Quando o dano é avançado, ela pode não eliminar a necessidade de FIV ou ICSI. Ainda assim, pode melhorar a qualidade espermática, preservar a função remanescente ou beneficiar tentativas futuras.

Varicocele vista apenas no ultrassom deve ser operada?

Não. Quando a dilatação venosa é identificada somente no ultrassom e não é palpável ao exame físico, ela é denominada varicocele subclínica. Isoladamente, ela não constitui indicação de cirurgia, porque não há evidência consistente de benefício reprodutivo com seu tratamento.

As diretrizes recomendam que a varicocelectomia — a cirurgia de correção da varicocele — não seja indicada para varicoceles não palpáveis detectadas exclusivamente por exames de imagem.4

Então, cirurgia ou FIV primeiro?

A resposta pode ser:

  • cirurgia primeiro;
  • FIV primeiro;
  • cirurgia e FIV dentro do mesmo plano;
  • FIV sem cirurgia, quando não existe indicação masculina consistente.

A escolha não deve ser determinada apenas pela presença da varicocele nem por um resultado isolado do espermograma.

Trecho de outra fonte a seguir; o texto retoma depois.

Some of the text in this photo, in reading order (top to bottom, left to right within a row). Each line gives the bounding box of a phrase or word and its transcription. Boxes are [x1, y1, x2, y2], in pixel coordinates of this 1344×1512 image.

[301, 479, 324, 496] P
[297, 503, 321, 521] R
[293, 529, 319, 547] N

Ela depende da integração entre dano testicular atual, qualidade do DNA espermático, potencial de recuperação, risco de progressão, tempo reprodutivo feminino e probabilidade de novas tentativas.

Porque a pergunta mais importante não é simplesmente qual tratamento realizar. É qual sequência preserva mais possibilidades e oferece ao casal a maior chance de levar um bebê para casa.

Referências

  1. Szabó A, Váncsa S, Hegyi P, Kói T, Ács J, Hermánné RJ, Ács N, Szarvas T, Nyirády P, Kopa Z. Assessing the efficacy of varicocelectomy, antioxidants, FSH treatment, and lifestyle modifications on sperm DNA fragmentation: a systematic review and meta-analysis. Sci Rep. 2025;15(1):10118. doi:10.1038/s41598-025-93267-z. PMID: 40128318.
  2. Wang L, Zheng L, Jiang H, Jiang T. Does Sperm DNA Fragmentation Index Continuously Decrease Over Time After Varicocelectomy in Varicocele-Induced Infertility? A Systematic Review and Meta-Analysis. Am J Mens Health. 2024;18(5):15579883241285670. doi:10.1177/15579883241285670. PMID: 39376021.
  3. Teng W, Xiao J, Xu Q, Li P. Influence of Varicocelectomy on Assisted Reproductive Technology Outcomes of Infertile Patients with Varicocele: A Systematic Review and Meta-Analysis. Am J Mens Health. 2025;19(2):15579883251334561. doi:10.1177/15579883251334561. PMID: 40293106.
  4. Schlegel PN, Sigman M, Collura B, De Jonge CJ, Eisenberg ML, Lamb DJ, Mulhall JP, Niederberger C, Sandlow JI, Sokol RZ, Spandorfer SD, Tanrikut C, Treadwell JR, Oristaglio JT, Zini A. Diagnosis and Treatment of Infertility in Men: AUA/ASRM Guideline PART II. J Urol. 2021;205(1):44-51. doi:10.1097/JU.0000000000001520. PMID: 33295258.